Is the assumption that voltage between inputs is (almost) zero, valid only when using negative feedback?

Yes. Without feedback, the inputs of an opamp can be anything subject to the opamp limits given in the respective data sheet.

I'm still experimenting with ramp generators.

I spent years experimenting and learning about ramp generators (building a scope). There are a lot of techniques involved, as you have found I suspect, and experimenting with them will give you a good feel how linear electronics works in practice and to a limited extent digital electronics too.

I know that this circuit is not the one that is found on most books, but I'm trying to figure out why it does not work.

On the contrary, the integrating Schmitt trigger oscillator is a classic and widely used in various forms. Incidentally, the integrating oscillator has many advantages compared to the differentiating type.

And the integrator in the second part of your circuit is also a classic- you will have fun with that circuit.

At first look your circuit is well thought-out and executed, but some details may need sorting. I haven't checked

Even though under simulation it manages to work, I built the circuit (using 471 opamps), and it doesn't. It "almost" works. The ramp output is clipped below 2.5V, and I see the "missing" spike (mirrored up) on R7-R8 node, (U1 + input) which theoretically is fixed by the voltage divisor.
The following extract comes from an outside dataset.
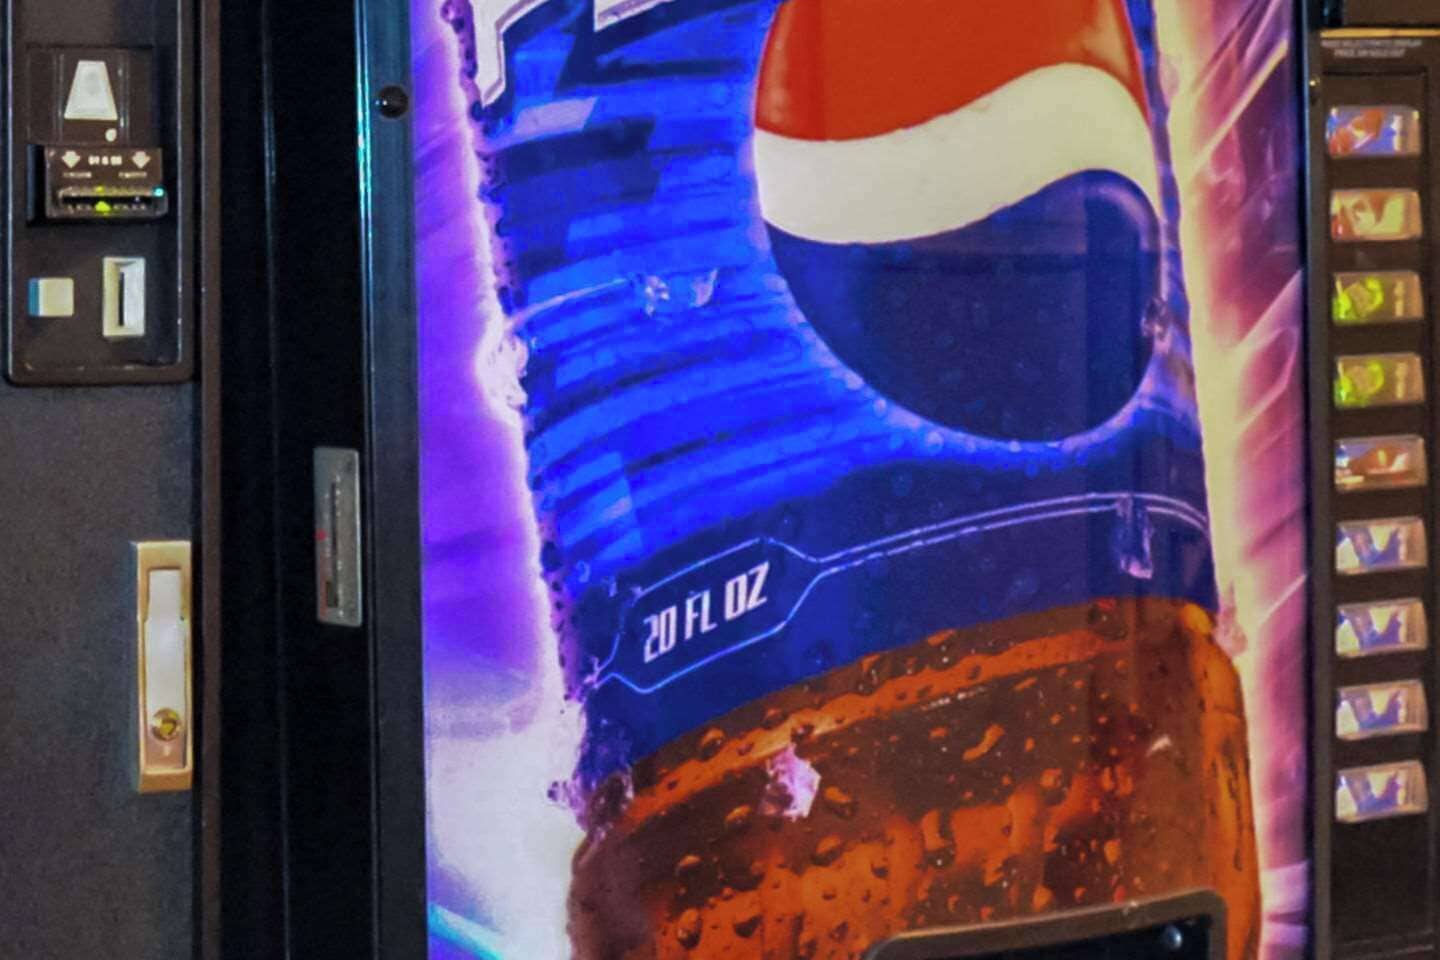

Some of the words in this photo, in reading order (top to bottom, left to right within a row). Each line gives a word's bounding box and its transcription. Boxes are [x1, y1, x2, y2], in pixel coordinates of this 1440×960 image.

[643, 605, 678, 663] 20
[683, 590, 718, 640] FL
[724, 561, 771, 620] OZ
The two main reason for your problems are the 741 opamp (I assume you meant 741 and not 471 as in your post) coupled to the low supply rail of 5V. The 741 was revolutionary when it first came out and was the standard opamp for many years. But to be quite honest, it is now history. One of its main shortcomings is its limited input voltage range and output voltage swing. With a single supply rail of 5V it has no chance of working.

A better low priced common opamp for your work would be the dual LM158, LM258, LM2904 and quad LM124, LM224, LM324, LM2902. In general terms, the individual opamps are all the same across all those chips. If you want a top opamp for your work go for the OPA192 series. May I suggest that a good way forward at this point would be to focus on just the LM158 family- get the data sheet and learn about every parameter listed- get to know the chip inside out. Quite soon, it will be automatic for you to know what it will do and what it won't do.
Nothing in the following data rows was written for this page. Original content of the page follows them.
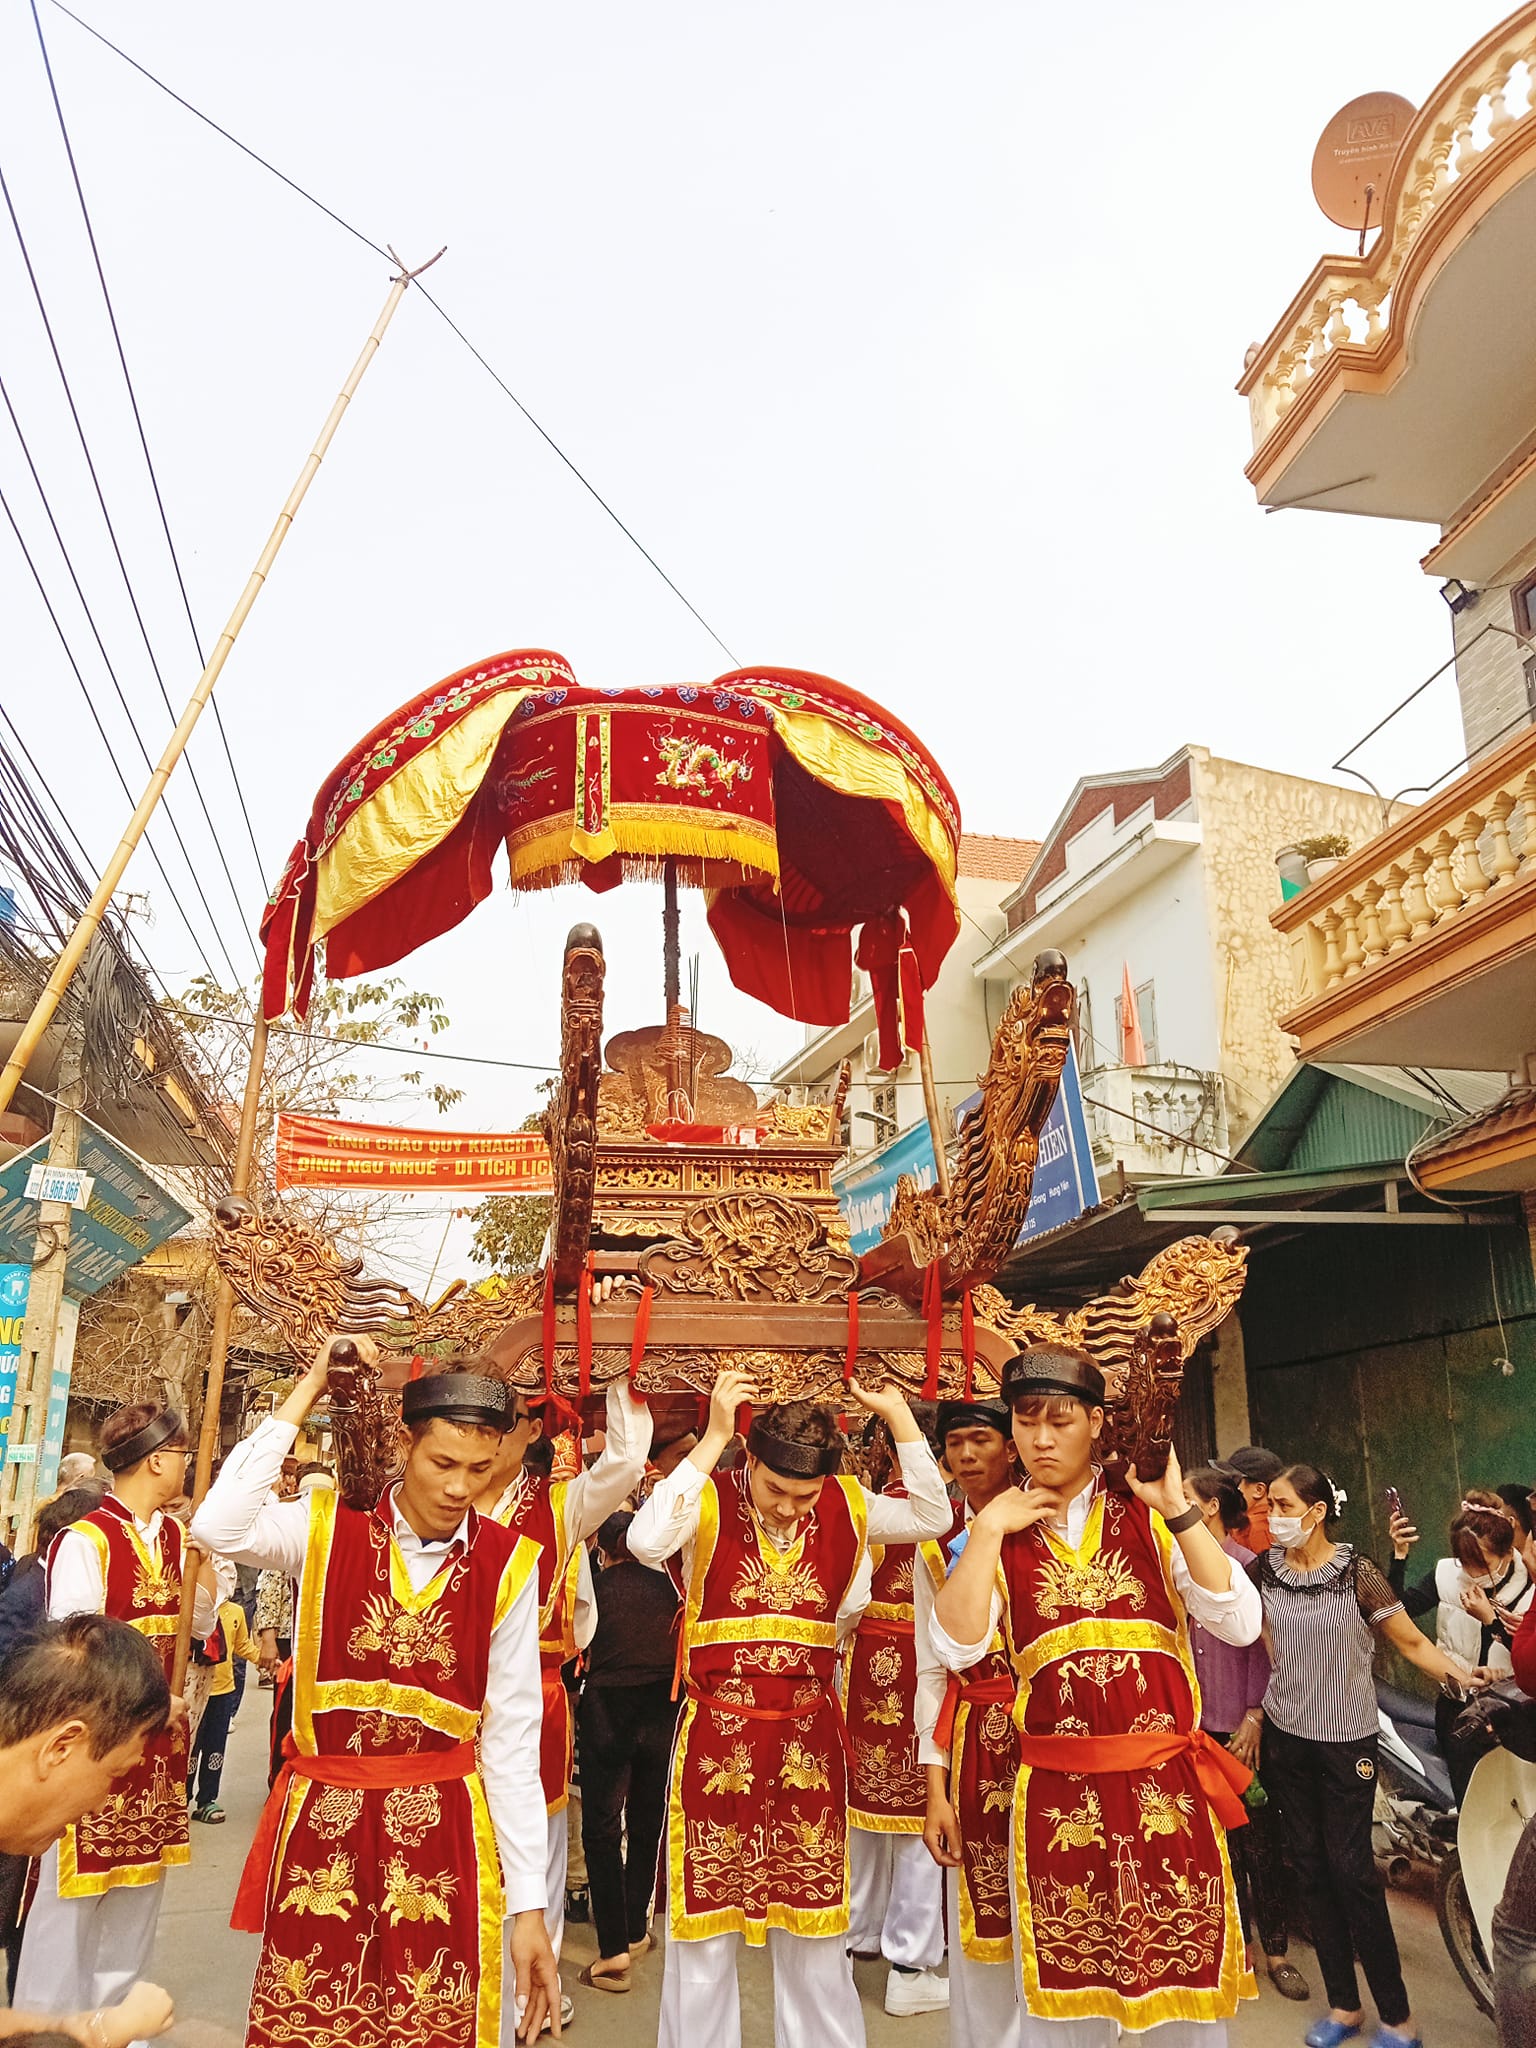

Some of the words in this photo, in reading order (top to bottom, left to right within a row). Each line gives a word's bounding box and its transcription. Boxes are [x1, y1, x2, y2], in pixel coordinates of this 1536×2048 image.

[327, 1133, 370, 1150] KÍNH
[375, 1136, 423, 1152] CHÀO
[297, 1155, 341, 1173] ĐÌNH
[347, 1159, 384, 1174] NGU
[455, 1160, 472, 1175] DI
[478, 1158, 516, 1176] TÍCH
A further suggestion: if you are investigating linear circuits you need at least a 9V supply. Also have available -9V. Plus and minus 12V would be much better, and plus and minus 15V would be ideal. I would go for plus and minus 12V though.

I haven't analysed your circuit further- there is no need. You are on the right track.

I dont know if my explanation makes any sense. I'll try to capture scope's screen.

Perfect sense! No need to capture on scope screen.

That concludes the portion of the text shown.